SBD atualiza diretriz de diagnóstico do diabetes tipo 2

SBD publicou sua diretriz atualizada para rastreamento e diagnóstico do DM2, com novas evidências sobre ferramentas diagnósticas mais sensíveis, como o TOTG 1h

O diabetes mellitus tipo 2 (DM2) é uma condição metabólica progressiva que frequentemente se mantém assintomática em seus estágios iniciais, o que resulta em diagnóstico tardio e aumento do risco de complicações micro e macrovasculares. De acordo com a International Diabetes Federation (IDF), aproximadamente 44,7% dos adultos com diabetes desconhecem sua condição, um percentual que, no Brasil, chega a 30% dos indivíduos com DM2. Essa alta taxa de subdiagnóstico reforça a necessidade de aprimoramento das estratégias de rastreamento, permitindo a identificação precoce da doença e possibilitando intervenções oportunas para retardar ou evitar sua progressão. 

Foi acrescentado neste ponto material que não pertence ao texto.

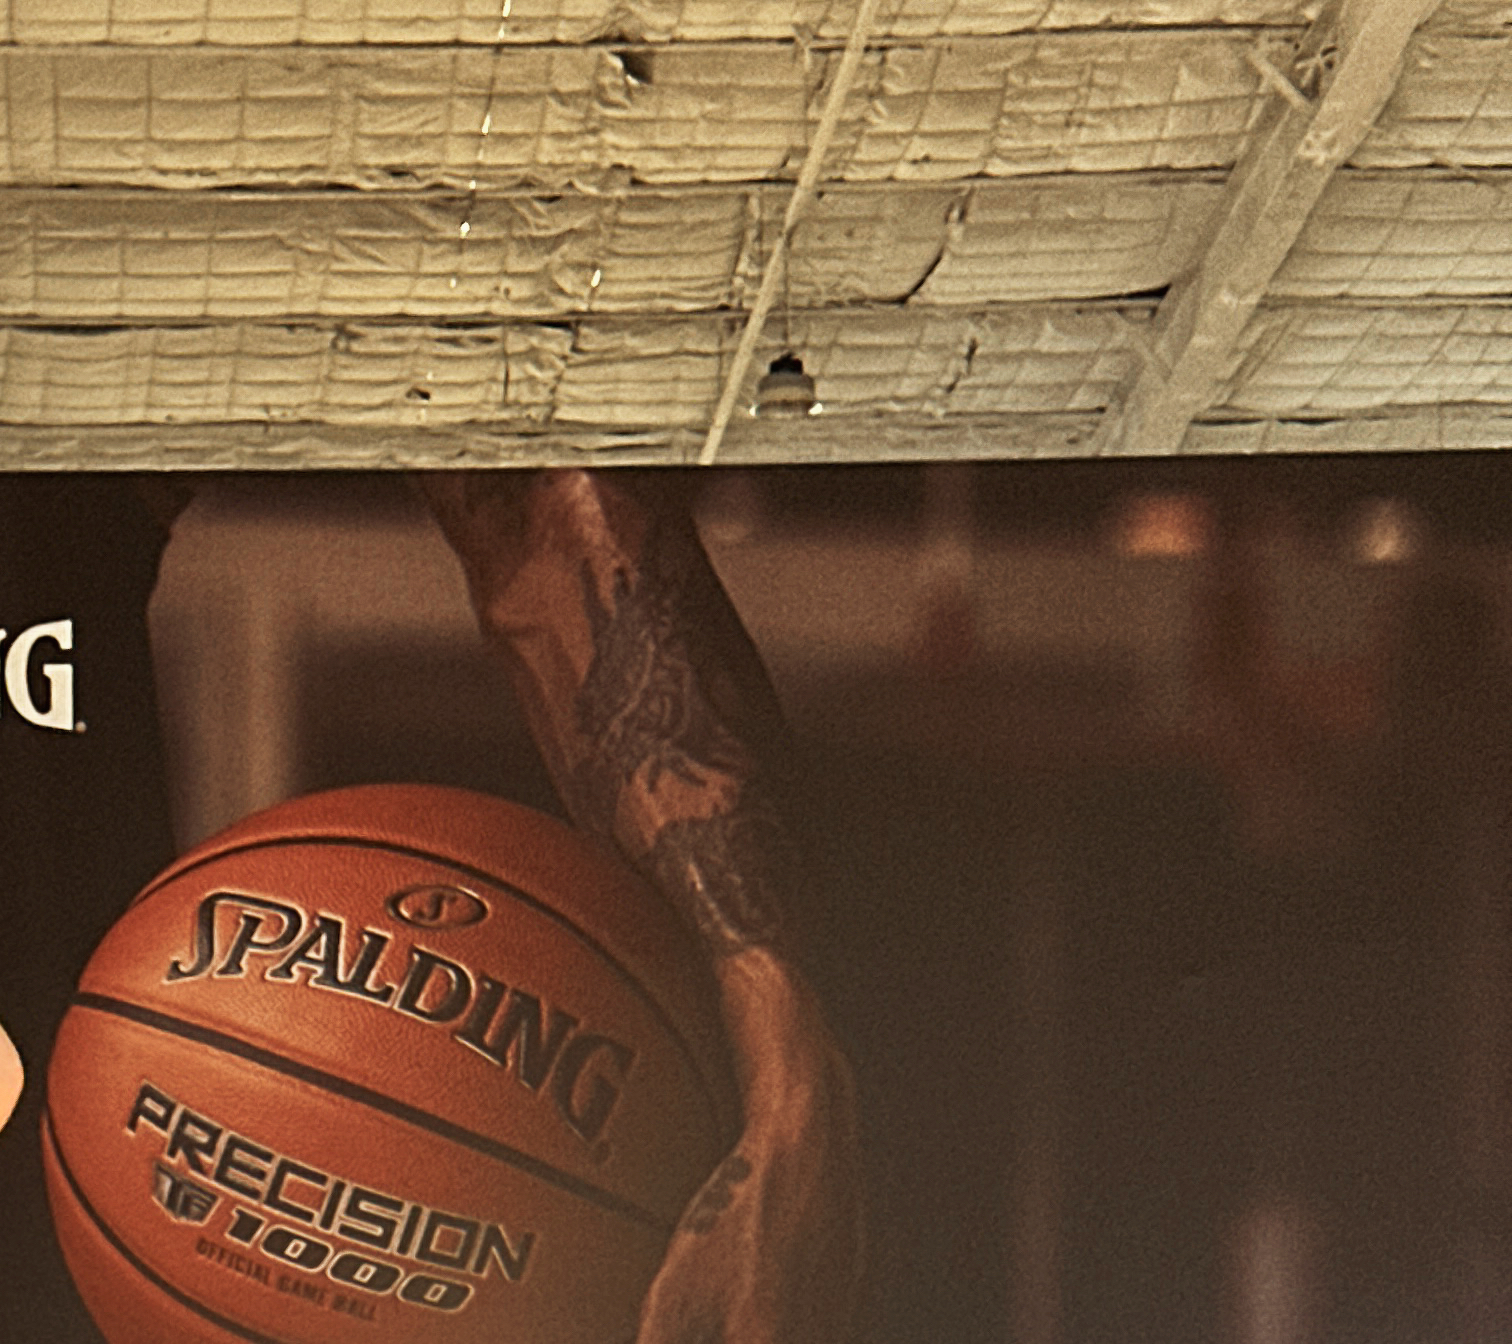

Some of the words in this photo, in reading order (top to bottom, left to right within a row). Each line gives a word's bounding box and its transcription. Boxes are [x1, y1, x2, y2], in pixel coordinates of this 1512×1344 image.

[163, 888, 638, 1142] SPALDING
[126, 1080, 536, 1283] PRECISION
[226, 1207, 474, 1312] 1000

Diante desse cenário, a Sociedade Brasileira de Diabetes (SBD) publicou agora, em março de 2025, sua diretriz atualizada para rastreamento e diagnóstico do DM2, incorporando novas evidências sobre ferramentas diagnósticas mais sensíveis, como o teste oral de tolerância à glicose com dosagem em 1 hora (TOTG 1h), e estratégias de estratificação populacional baseadas em escores de risco, como o Finnish Diabetes Risk Score (FINDRISC). Essas inovações buscam otimizar a triagem de indivíduos com maior predisposição ao DM2, tornando a abordagem mais custo-efetiva e eficiente na prática clínica. Trazemos para cobertura os destaques e mudanças do guideline no portal. 

Leia mais: Ministério da Saúde atualiza protocolo para DM2 no SUS

A diretriz

A diretriz, atualizada e publicada em inglês, foi elaborada por um painel de especialistas da Sociedade Brasileira de Diabetes (SBD), por meio de uma revisão sistemática da literatura científica disponível no PubMed/MEDLINE. Os estudos analisados foram classificados de acordo com o nível de evidência: 

  • Nível A – Meta-análises de ensaios clínicos randomizados (RCTs) com baixa heterogeneidade. 
  • Nível B – Meta-análises com alta heterogeneidade, estudos observacionais amplos ou análises de subgrupos. 
  • Nível C – Estudos pequenos, não randomizados ou baseados em consenso de especialistas. 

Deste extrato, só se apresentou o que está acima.